Chapter 10
BOLO DECIDED IT WAS TIME for a quick change and slight alteration of his appearance. He tossed aside his taxi-driver's cap and pulled on a leather aviator's jacket, becoming a different person entirely. Bolo walked up to the front entrance of the Cantina de Espejos in broad daylight. He was expected here, in this alter ego.
Standing under the painted Bienvenidos welcome sign, he looked up and down the morning street with exaggerated caution, like a juvenile delinquent about to launch into an elaborate prank. Then he squared his shoulders and walked through the front door. His dark hair hung loose and flowing.
Inside, the side walls of the main room were covered with mirrors that jutted out in Vs, multiplying every image, no doubt to increase drunken confusion. At night, when the disco lights flashed, the scene became dazzling and dizzying; the manager's thinking, apparently, was that many patrons, unable to find their way outside, would simply stay behind and order another drink.

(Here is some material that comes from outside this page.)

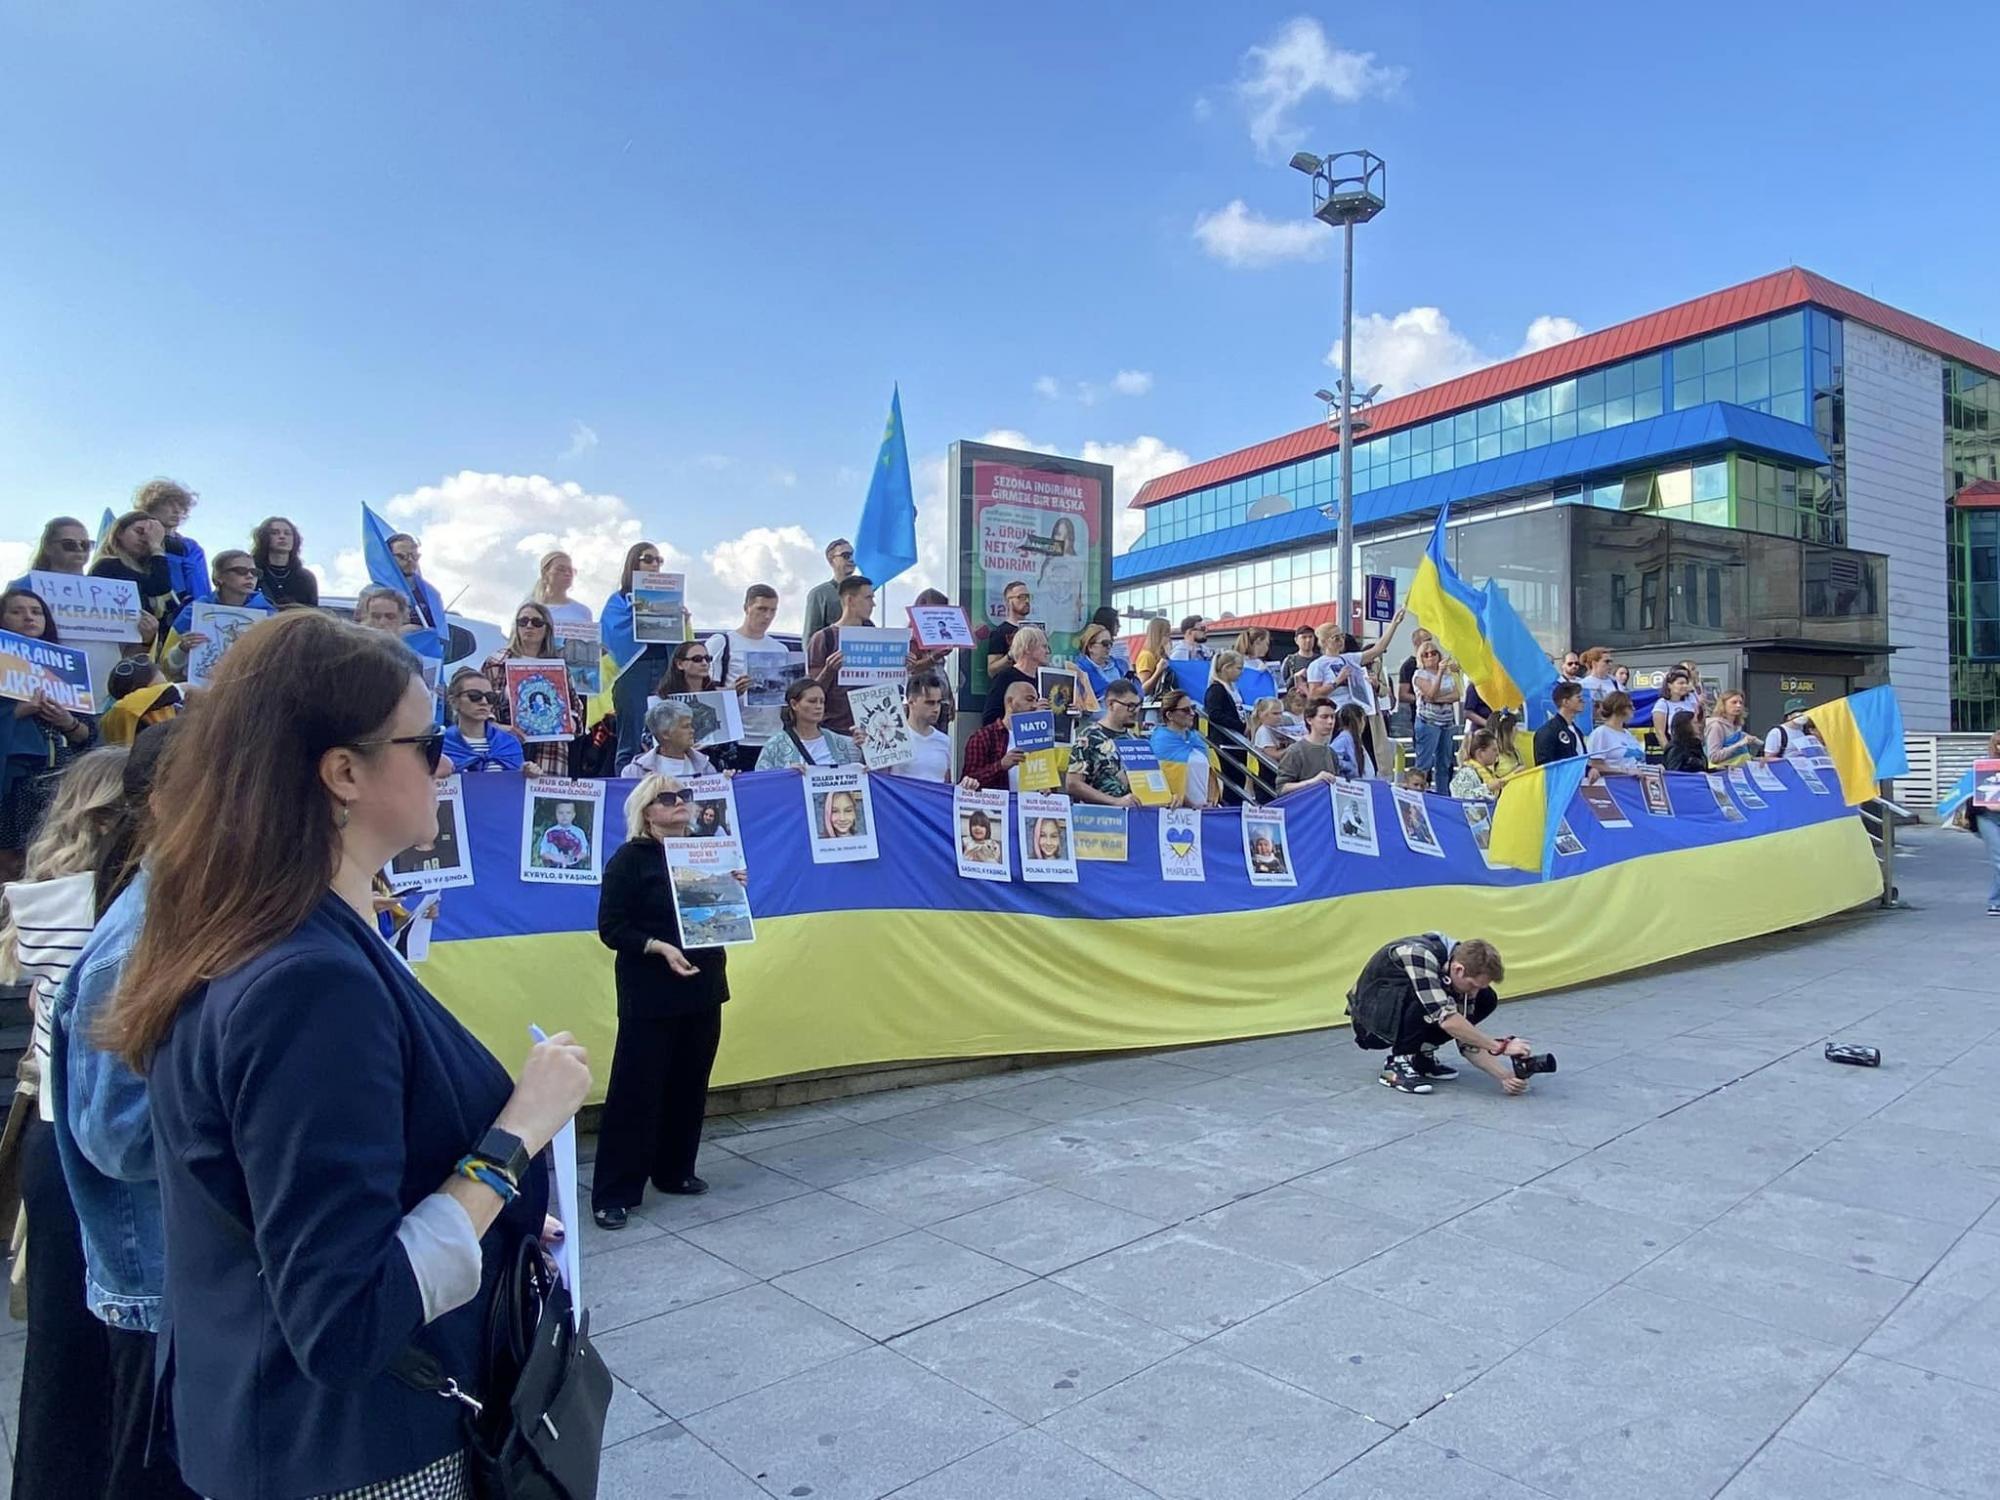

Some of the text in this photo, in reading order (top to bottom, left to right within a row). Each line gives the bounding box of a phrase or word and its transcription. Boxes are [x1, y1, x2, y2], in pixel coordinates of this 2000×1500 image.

The cantina had few customers this early in the morning— few conscious ones, anyway—and no bartender. One groggy man at a tilted table snapped fully awake for a moment and threw his long knife to impale a black scorpion on the back wall. Then he slumped back across the table, snoring again.
At the rear of the cantina, a curving metal staircase wound up to a second-floor balcony, where a single door marked the room Smith had stumbled into. At the moment, Bolo heard no sound from upstairs, so he assumed the redheaded lieutenant had gone to sleep, as he had expected. Still, he had no time to lose.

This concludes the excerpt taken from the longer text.